A body of black
that carried no reflection
defying its own room
un-earthly eggs of decreation
(In Flames)
Using data on already discovered asteroid's we'll try to analyse orbital parameters of near-Earth asteroids and find out familes of orbits with high probability of yet undiscovered potentially hazardous asteroids existance.
In [1]:
import pickle
from copy import copy, deepcopy
import numpy as np
import pandas as pd
import scipy.stats as ss
from sklearn import neighbors, svm
import matplotlib as mpl
# Import Asterion modules
import read_database as rdb
import generate_orbits as go
import learn_data as ld
import visualize_data as vd
import asterion_learn as al
# Plotting settings
%matplotlib inline
# font = {'size': 32}
# font = {'size': 25}
font = {'size': 14}
mpl.rc('font', **font)
Load asteroid database:
In [2]:
# columns = ['a', 'e', 'i', 'w', 'om', 'q', 'H', 'neo',
# 'pha', 'moid', 'per', 'n', 'ma', 'epoch']

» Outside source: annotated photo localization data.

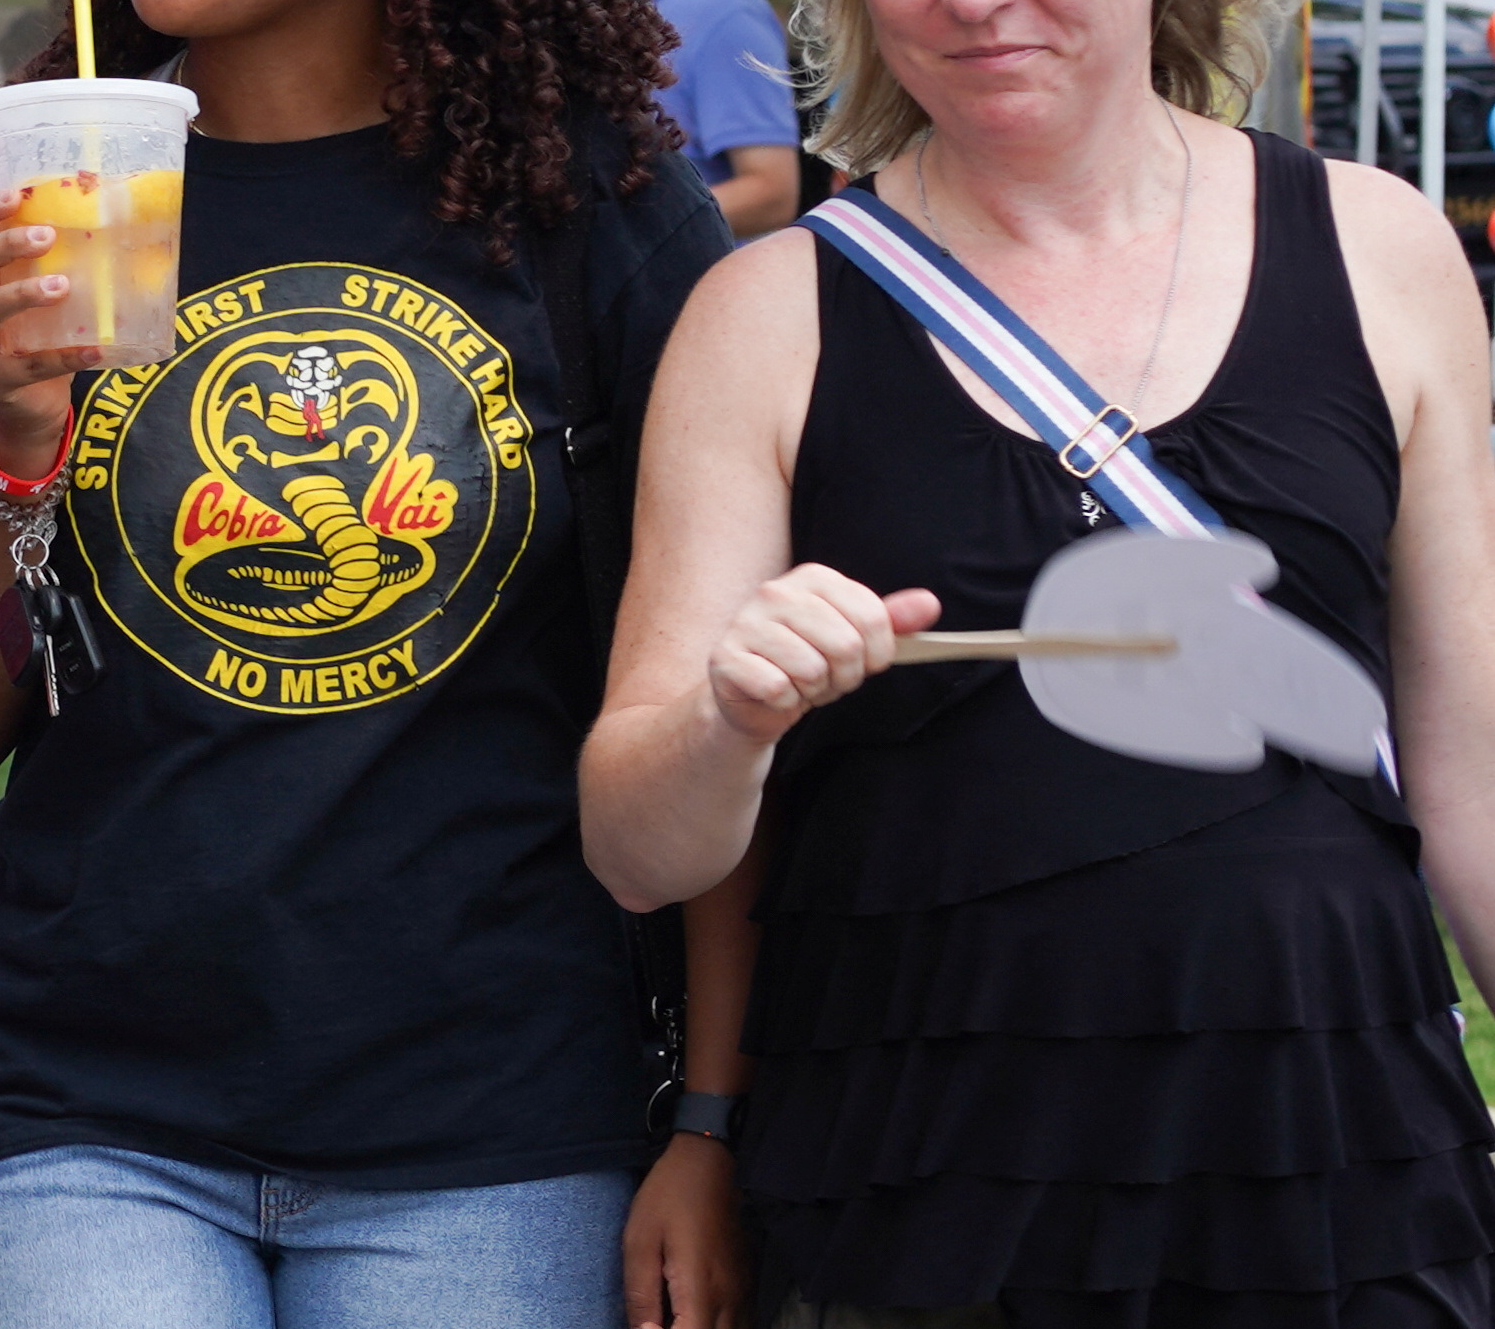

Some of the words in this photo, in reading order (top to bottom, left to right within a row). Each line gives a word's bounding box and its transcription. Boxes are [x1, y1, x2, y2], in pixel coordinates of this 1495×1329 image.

[74, 361, 164, 493] STRIKE
[175, 279, 268, 345] IRST
[340, 273, 487, 368] STRIKE
[468, 355, 537, 471] HARD
[183, 481, 287, 547] Cobra
[367, 457, 451, 535] Kai
[204, 648, 267, 698] NO
[280, 639, 420, 704] MERCY

columns = ['a', 'e', 'i', 'w', 'om', 'q', 'H', 'neo', 'pha', 'moid']
database = rdb.load_database(columns, jobtime=True)
database.head(n=5)
Out[2]:
In [3]:
neas, num_neas = rdb.get_neas(database, columns)
Exclude extremal NEAs
In [4]:
print len(neas[neas.a > 4])
print len(neas[neas.i > 90])
In [5]:
neas = neas[neas.a < 4]
neas = neas[neas.i < 90]
Extract close-approaching NEAs
In [6]:
neas_close = neas[neas.q <= 1.08]
Extract groups of NEAs
In [7]:
# apollos, num_apollos = rdb.get_apollos(neas)
# atens, num_atens = rdb.get_atens(neas)
# amors, num_amors = rdb.get_amors(neas)
# print "num_neas:", num_neas
# print "apollos:", num_apollos, "ratio:", num_apollos/float(num_neas)
# print "atens:", num_atens, "ratio:", num_atens/float(num_neas)
# print "amors:", num_amors, "ratio:", num_amors/float(num_neas)
Extract PHAs and NHAs
In [8]:
haz_real, nohaz_real = rdb.get_hazMOID(neas_close)
print "Number of real PHAs", len(haz_real)
print "Number of real NHAs:", len(nohaz_real)
In [9]:
# vd.display_allparams([neas_close, neas_close], vd.combs, vd.colnames)
Plot orbital distributions of rel PHAs and NHAs in the w-q plane
In [10]:
cutcol=['w', 'q']
vd.plot_distribution2d(cutcol, haz=haz_real, nohaz=nohaz_real, invertaxes=[0,1], labels=True)
Specify a full subset of orbital parameters
In [11]:
names = ['a', 'i', 'w', 'om', 'q']
full_names = [vd.colnames[nm] for nm in names]
data_subset = neas_close[names]
In [12]:
statdists = [ss.rayleigh, ss.lognorm, ss.uniform, go.HarmonicDistribution(), ss.johnsonsu]
distlist = go.get_param_distributions(data_subset, names, statdists, n=30, verbose=True)
go.plot_param_distributions(distlist, full_names, figsize=(16, 12))
In [13]:
rnum_str = '2e5'
rnum = int(float(rnum_str))
distdict = {name:dist for name, dist in zip(names, distlist)}
randdata = go.gen_orbits(distdict, num=rnum)
Check generated dataset to contain only asteroids with elliptical orbits
In [14]:
e_rand = randdata['e']
print "Total number of generated asteroids:", len(randdata)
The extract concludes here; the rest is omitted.